The word “debt crisis“ has made it into everyone’s vocabulary by now. People are talking about how we were “living beyond our means” and are debating how spending cuts, tax raises or some combination of the two could be used to salvage the situation. However, often times there is a gross misunderstanding about why there is so much debt in the first place and why it seems to constantly grow. Many people fail to see that growth within our current monetary system relies on exponential increases in debt.
To understand the debt crisis, you have to understand that in reality this is a “money crisis”. Let me explain this further.
Today, all money is created in the banking system. It originates from the central bank and is brought into existence by an extension of its balance sheet. This means that there it is a simple booking entry: new money on the liabilities side, and debt on the assets side. Yes that’s right: money is created through credit – which is nothing but a nice word for debt. In contrast to most of human history – where money has been a tangible asset with intrinsic value attached to it, such as gold and silver – today all dollars, euros, pounds and all other currencies are based on debt. This is taken on by governments, companies and private citizens all over the globe. Implicit in this is trust on the part of lenders that this debt will be repaid one day in the future.

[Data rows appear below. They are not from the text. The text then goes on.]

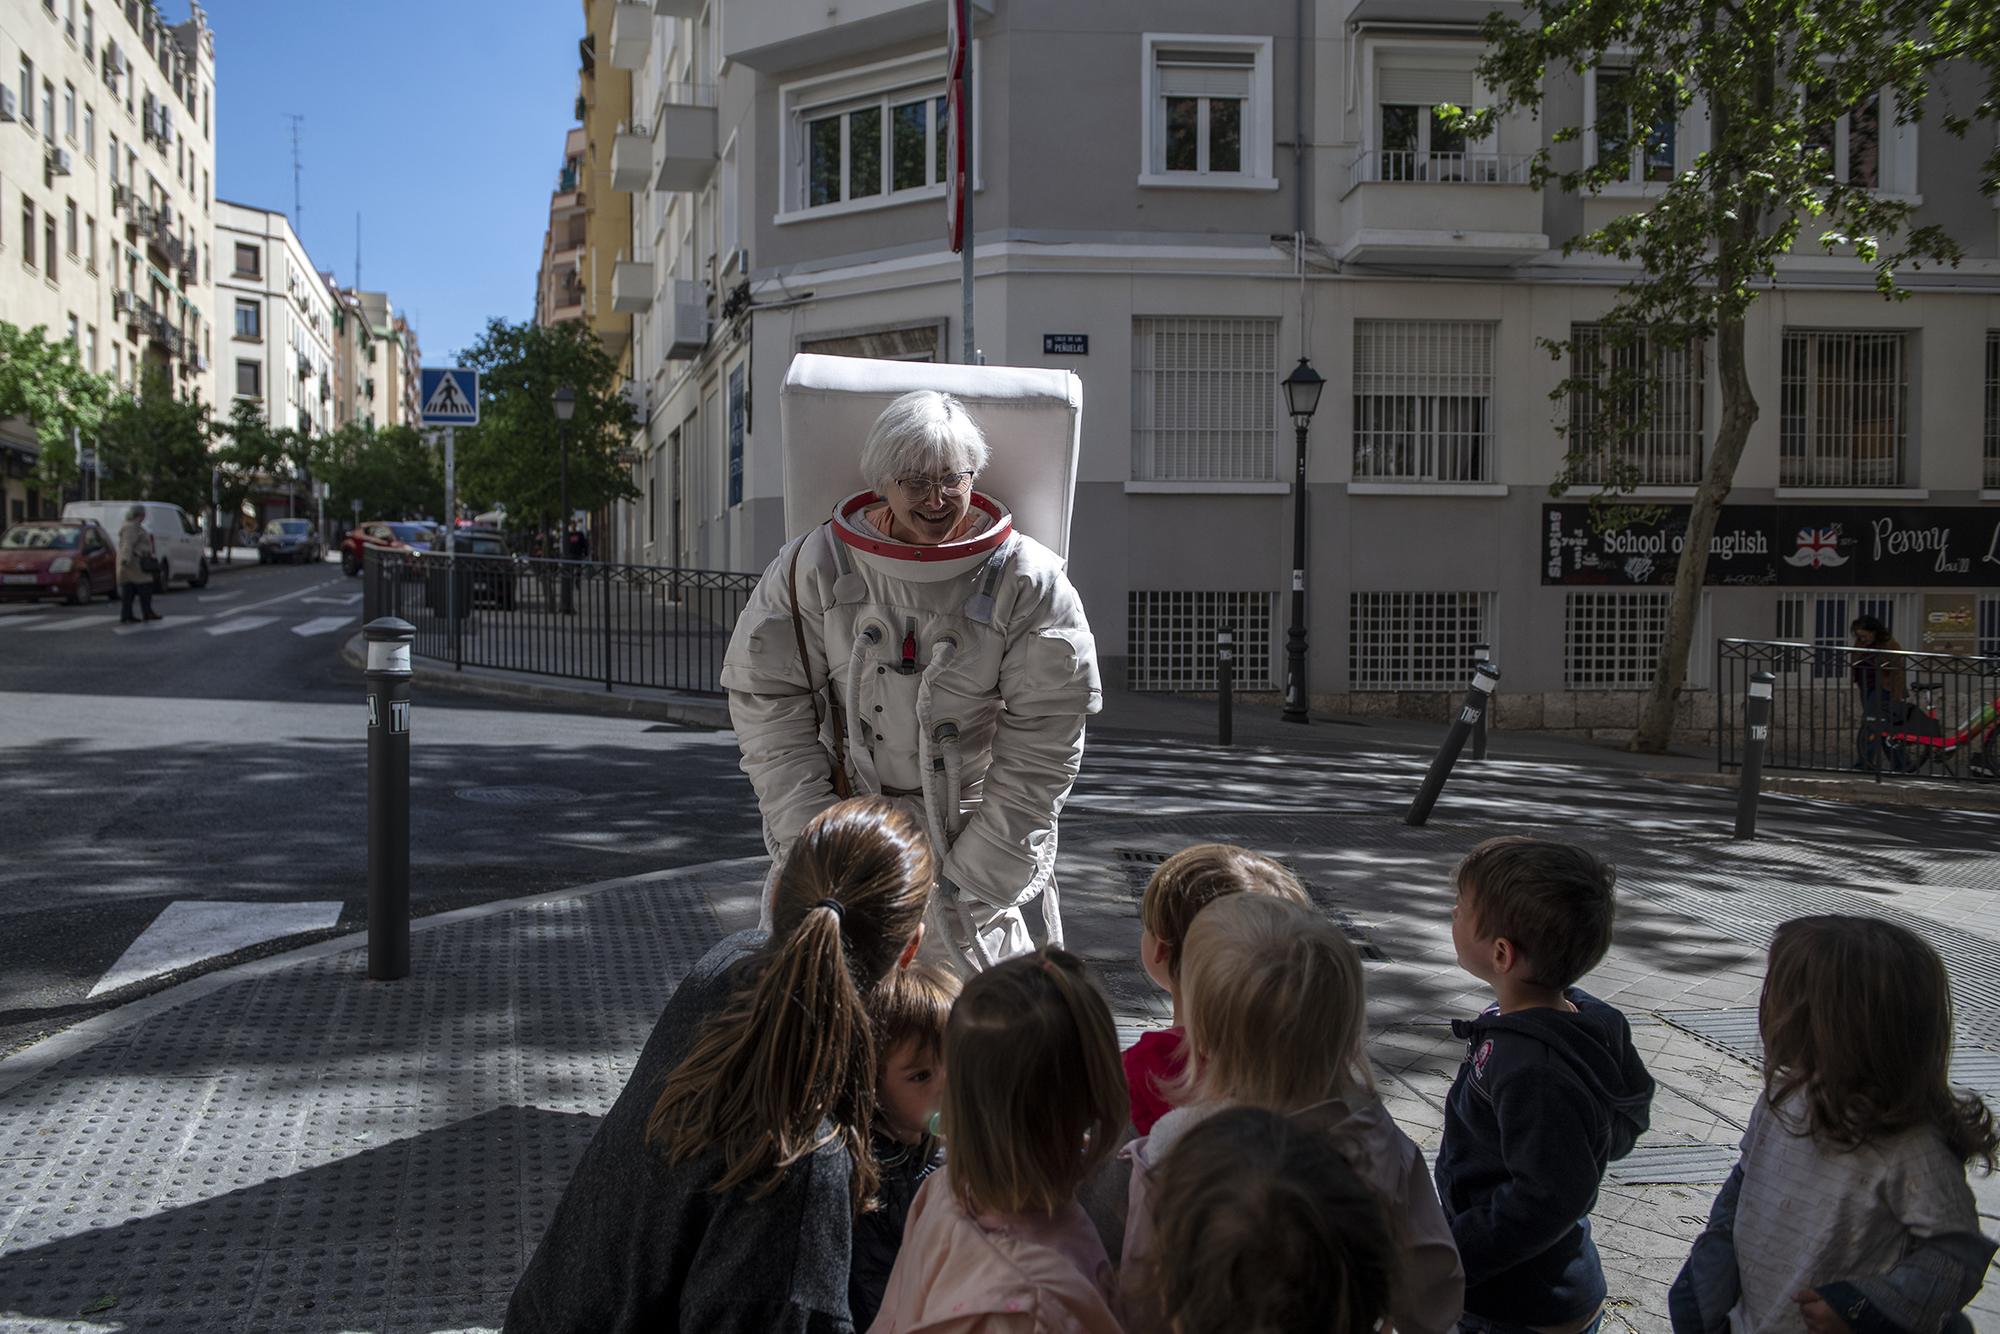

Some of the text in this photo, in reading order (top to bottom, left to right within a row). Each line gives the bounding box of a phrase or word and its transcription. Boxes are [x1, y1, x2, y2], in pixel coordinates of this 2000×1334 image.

[1054, 342, 1084, 353] PEÑUELAS
[1548, 510, 1562, 578] Shaping
[1561, 537, 1589, 546] your
[1603, 528, 1667, 554] School
[1670, 534, 1687, 554] o
[1709, 529, 1769, 560] nglish
[1871, 516, 1951, 573] Penny

So what's the problem? Let’s say you take out a loan for $100. The money you receive will be created from nothing once you sign the paper to take out the loan and you are then obligated to pay back $105 after say one year. Now here is the all-deciding question: Where is the interest coming from that you need to pay back the loan? At the moment the only money in circulation is your $100. The only way to solve this riddle is that somebody somewhere in the economy has to take out another loan to create the money that enables you to pay back the first loan.
To sum up: In a debt based fiat money world there will always be debt for if there was no debt there would be no money. Since debt is not paid off, the compounding interest on it forces us to grow at the same pace. Since this experiment has failed we are now facing the collapse of this debt system. Prepare yourself accordingly by diversifying into tangible assets such as gold and silver, and by educating yourself and your loved ones about the nature of the economic challanges they are likely to face in the years ahead.